24 thoughts on “How to Shift Audacious Goals from Painful to Productive

  1. Julie,

    Thanks for the tip! I am absolutely in need of that extra push. I easily get discouraged when I don’t accomplish goals for the day. Your mantra on ditching the “all-or-nothing” mentality is definitely something that I need to work on!

    1. Rachel, you’re welcome! I get discouraged about my goals too. There are benefits to ambition, but I don’t think we have to hold our ambitious goals so tightly; that’s the more feel-good way to approach this all.

  2. Oh, I needed this today. Thank you so much. It’s hard to keep all the different perspectives in mind sometimes, and to remember that there are actual neurological reasons why certain things happen. Thank you so much for sharing!

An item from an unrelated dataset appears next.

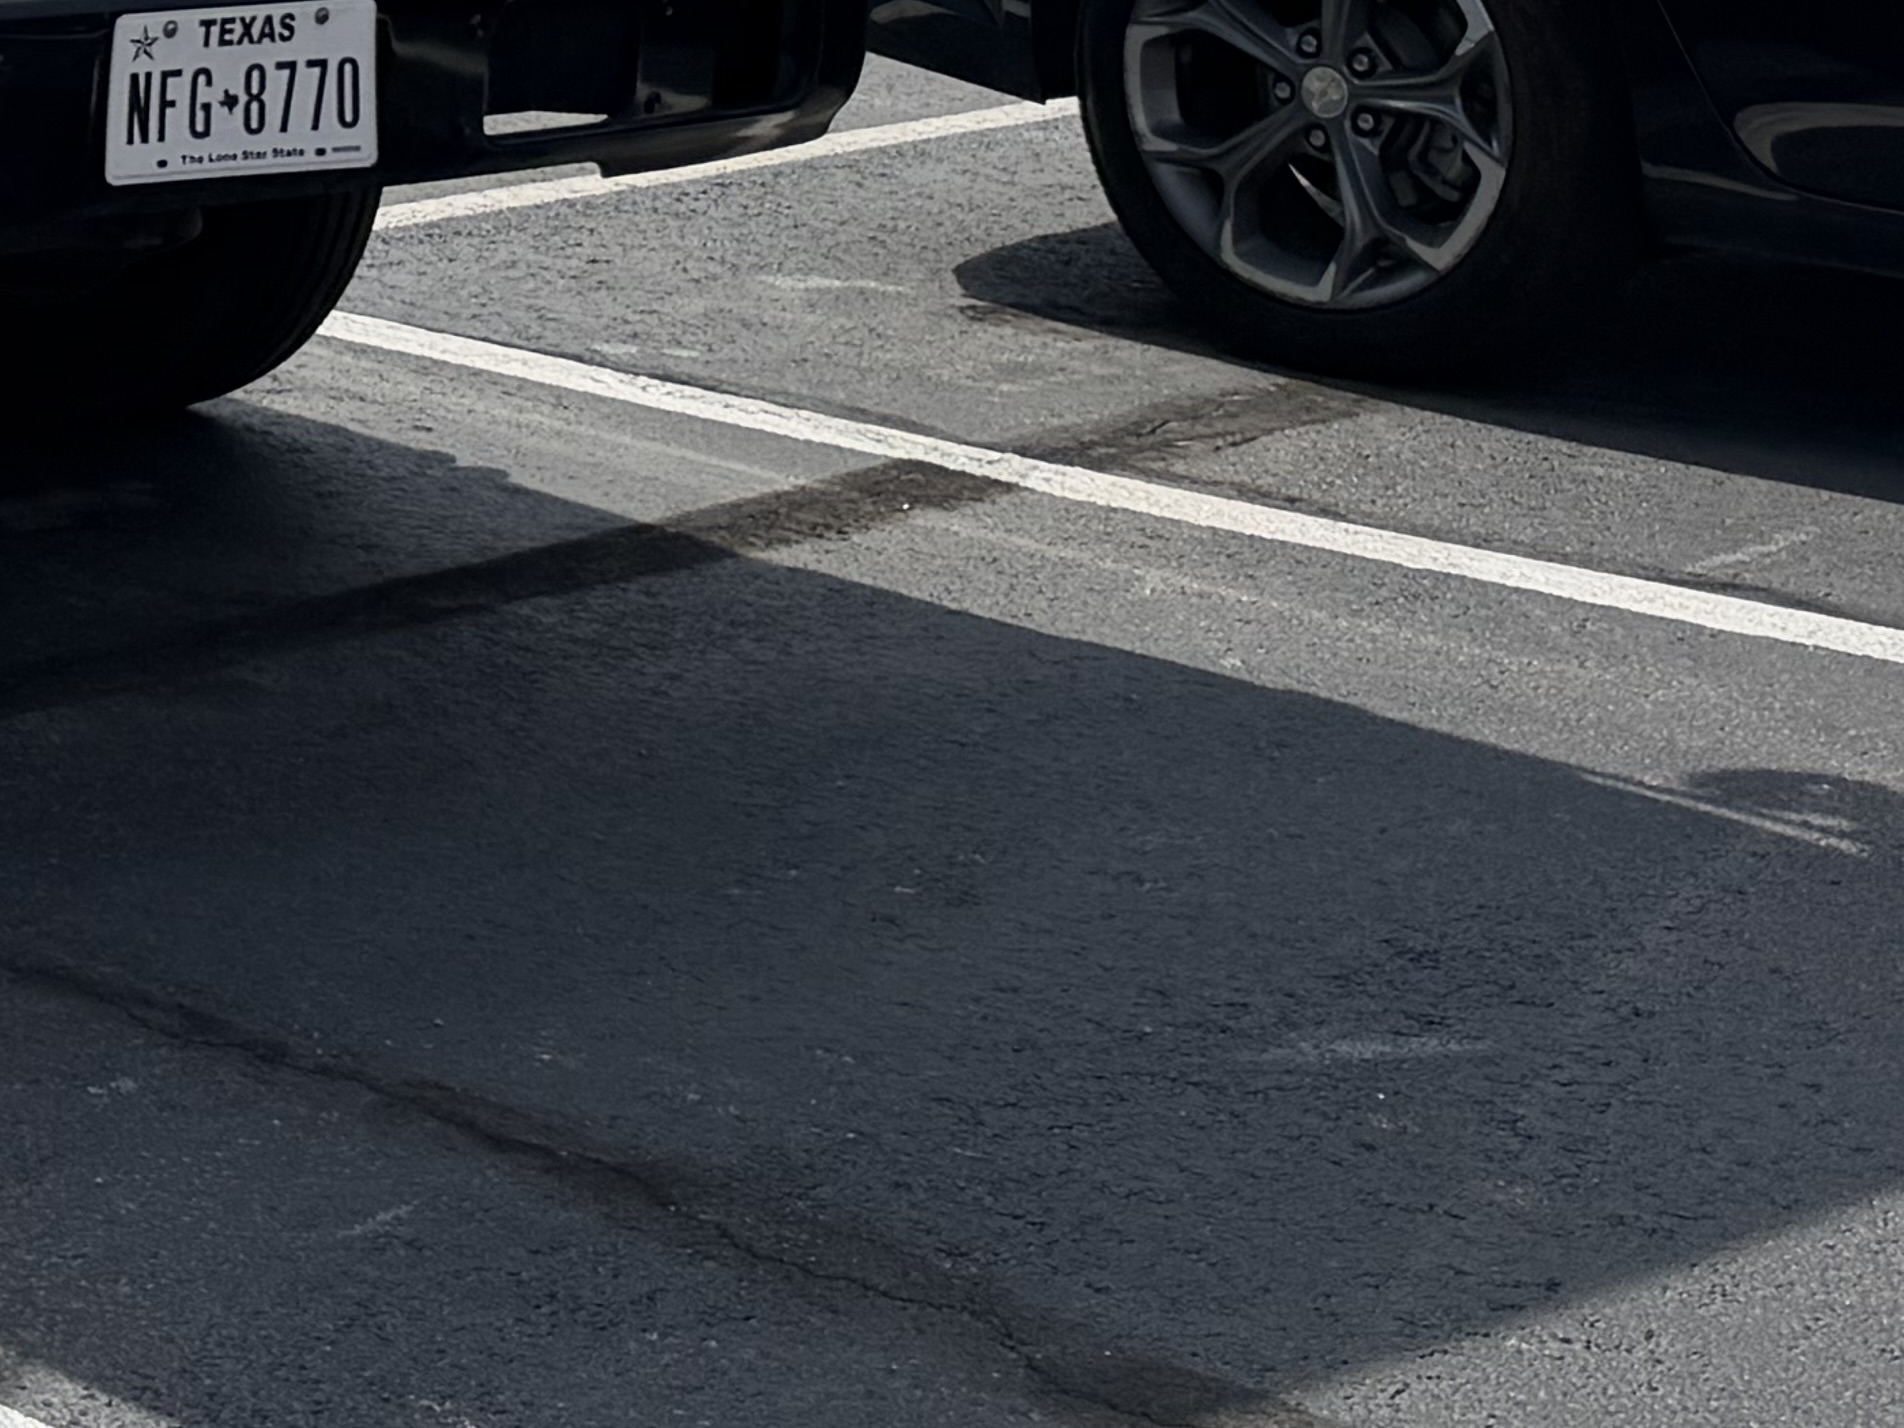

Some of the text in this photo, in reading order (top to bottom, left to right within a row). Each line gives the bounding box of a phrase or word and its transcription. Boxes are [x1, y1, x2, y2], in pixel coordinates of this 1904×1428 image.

[199, 13, 296, 48] TEXAS
[181, 147, 305, 165] The Lone Star State

    1. This message is very timely for me, as well. I have a pretty big audacious goal that I have not made a single stride towards in almost a year. I have a great excuse (chemo for the past 15 months) but 2 weeks out the month I feel great and I should be using my health to propel me forward, not hold me back.

      1. Wow, Kandas, thanks for bravely sharing your journey with us! I’m in awe of the mindset you’re developing about using the time when you feel well to meet your audacious goal! Best of luck with that. Amazing!

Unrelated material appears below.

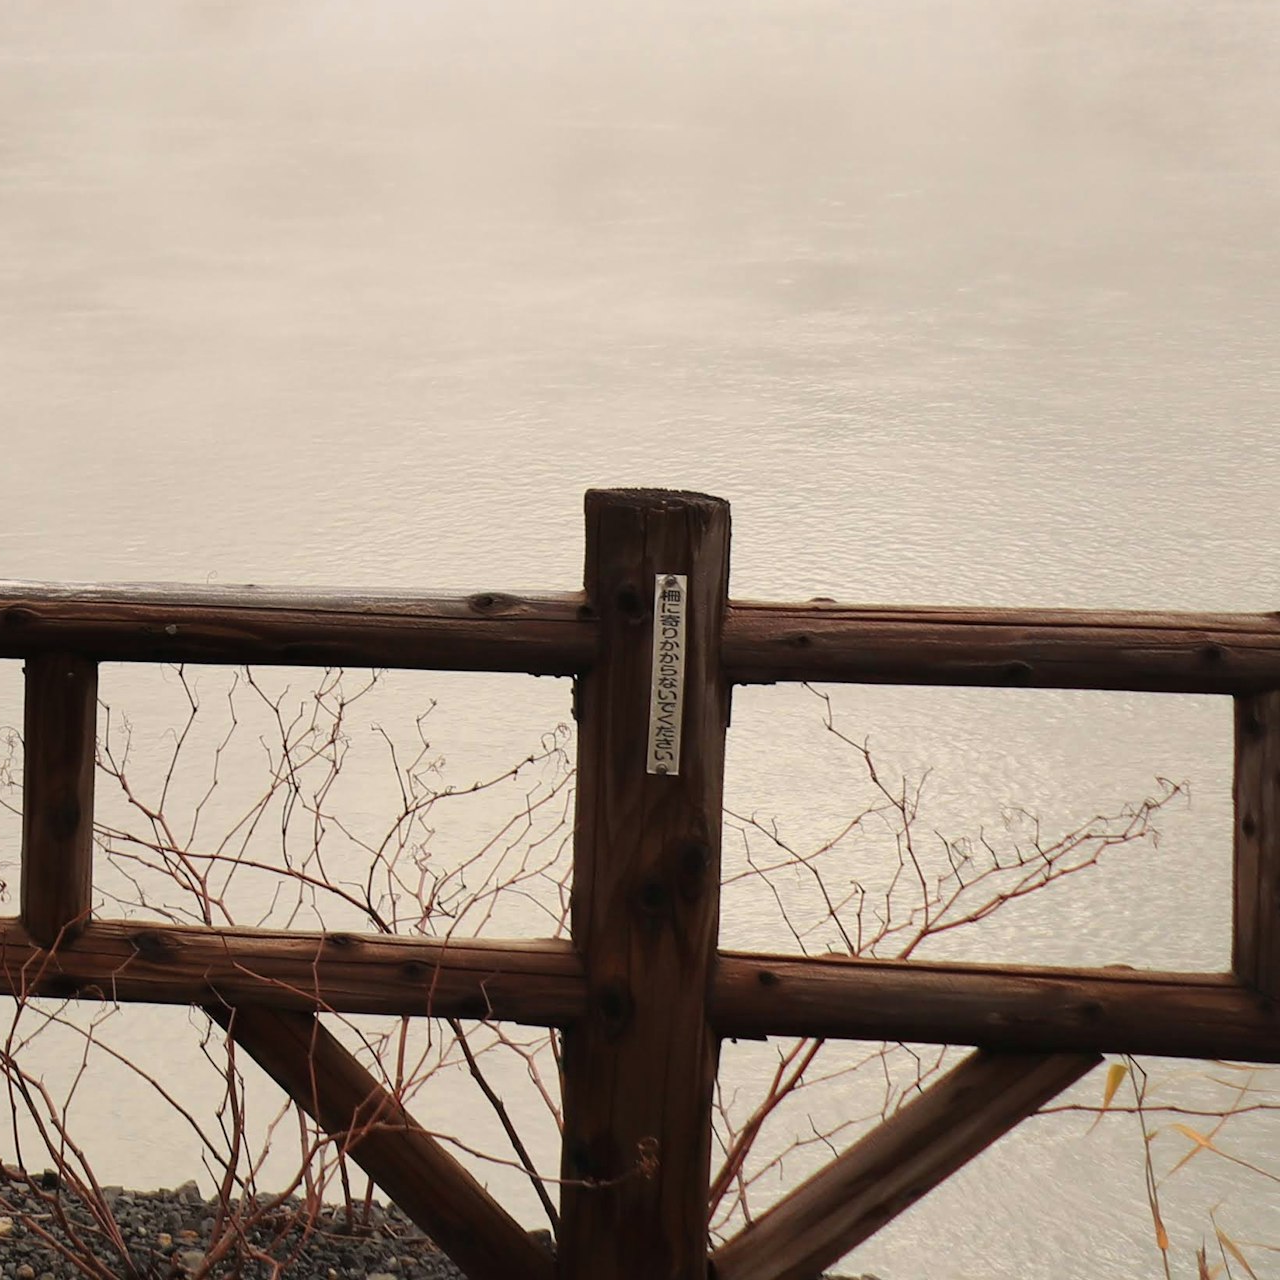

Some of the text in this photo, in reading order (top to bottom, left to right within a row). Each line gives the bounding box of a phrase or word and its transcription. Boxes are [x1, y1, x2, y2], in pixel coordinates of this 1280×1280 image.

[653, 589, 681, 761] 柵に寄りかからないでください

    2. Thanks, Erica! Yes, it’s so easy to forget about the neurobiology and to be harsh with ourselves. Fortunately, our perceived failings aren’t nearly that personal, are they? I know I’m relieved by that, and I hope others can be too. Also, it’s easy to fall into the belief that all goal-setting helps, but our goal-setting approach and mindset truly matter for our wellbeing.

  3. Julie,
    This is a fabulous! Thank you for reminding me to set goals with WELL-BEING in mind!
    I often encourage moms to take care of themselves, but I need the reminder myself.

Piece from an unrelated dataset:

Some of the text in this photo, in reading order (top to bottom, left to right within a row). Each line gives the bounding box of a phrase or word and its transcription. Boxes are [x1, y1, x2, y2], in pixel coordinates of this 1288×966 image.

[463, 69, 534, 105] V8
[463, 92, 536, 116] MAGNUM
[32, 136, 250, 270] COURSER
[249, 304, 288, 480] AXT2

  4. Hi Julie, I love this post! It’s eye opening for me because I never considered how your goals can cause you pain, but it makes a lot of sense. I’m big believer in setting your intentions, taking small steps everyday and being patient when it comes to goal setting. I’m going to reference this post a lot. Thanks!

    1. Hi, Monica! I’m glad it makes sense for you. I think you bring together the essential practices with the concepts of intention, small steps, and patience–perfect! What crisp wording. Thanks for sharing!

  5. When setting goals I find it easier to visualize it with a vision board with measurable goals. It helps to feel self compassion, as you stated. The visual stimulation gives a picture you can hold on to in your mind. Follow that with confirming positive affirmations to go along with the goals. Boom! Motivated!

    1. Katina, I love the reminder that vision boards can help us meet our goals. What an interesting thought you’ve shared: visualization and self-talk can work together in a powerful way. Love it! Thanks so much for sharing.

  6. I was reminded the other day to go back and compare myself to myself as I’m looking at new goals and ambitions. I think it’s valuable to look back at where we’ve come from. Even in my least “productive” times, I realize I’ve made huge strides in lifestyle and mental habits and have taken concrete steps towards my goals. Often, those steps and my end result weren’t what I thought when I set my goal, but I’m happier for what it is now. Thanks for the great post!

    1. Thanks for sharing, Jen. I’m always trying to remind myself to only compare myself to myself, too! (Phew.) I love how you frame it as “strides in lifestyle and mental habits.” That’s a perfect way to acknowledge all of the learning and daily habits we’re changing. It sounds like you end those reflections with gratitude–a helpful and healthy process!

  7. Yes! I totally agree…it’s all about reframing our mindset to get more excited about the accomplishment than we are the “pains” of getting there! I’ve come to understand that I’m a big goal setter but not always a good planner…learning to shift from making big goals to executing small plans!

    1. Oh, mindset is everything, isn’t it? And it’s always a work in progress! Heather, you couldn’t have worded this better: “learning to shift from making big goals to executing small plans!” I love that. Thanks.